Buts his thoughts spiraled darker, pulling him down into that dangerous space where exhaustion and isolation combined into something that made continuing feel pointless. Ian's jaw clenched hard enough to make his teeth ache. He grabbed the pole and headed for the lean-to before his brain could follow that spiral any further.

The shelter was still standing somehow, despite looking like it should have collapsed days ago. He crawled inside and pulled himself against the oak's trunk, the pole clutched across his chest. The bark dug into his spine through his ruined shirt, but he barely noticed anymore.

His eyes fell closed. The forest settled into its night sounds around him—insects and small rustlings and the river's constant murmur. The same sounds as every other night. The same isolation.
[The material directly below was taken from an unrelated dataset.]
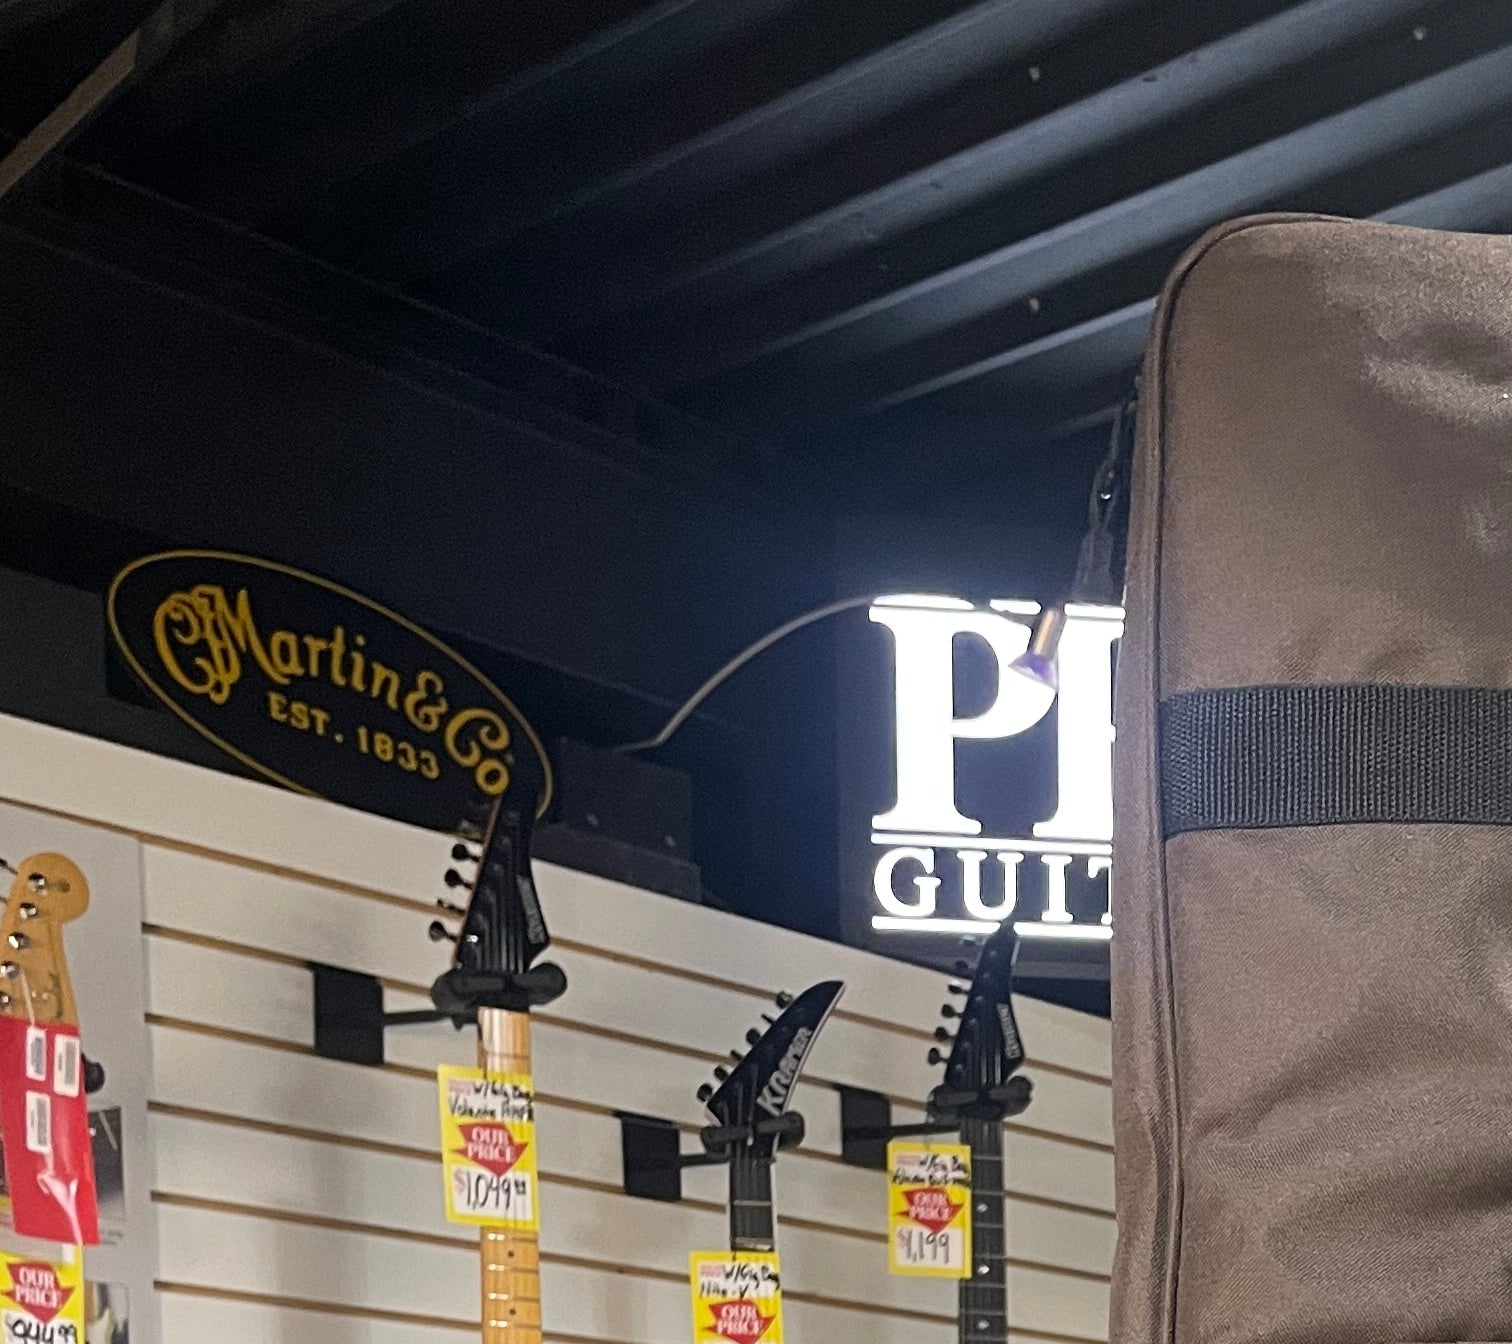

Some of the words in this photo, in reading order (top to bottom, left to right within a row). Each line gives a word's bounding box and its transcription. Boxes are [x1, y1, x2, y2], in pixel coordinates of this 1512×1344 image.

The same crushing awareness that he was completely, utterly alone in a world that didn't care if he lived or died.

Tomorrow the walls would still be thirteen logs high. Tomorrow the hide would still need to be turned into clothing. Tomorrow he'd check the trap and eat fish and work until exhaustion forced him to stop. The cycle would continue because stopping meant dying, and some stubborn part of him wasn't ready to give up yet.

Even if he couldn't remember why.

Sleep dragged him under, heavy and dreamless and offering no escape from the loneliness that would be waiting when dawn forced him awake again.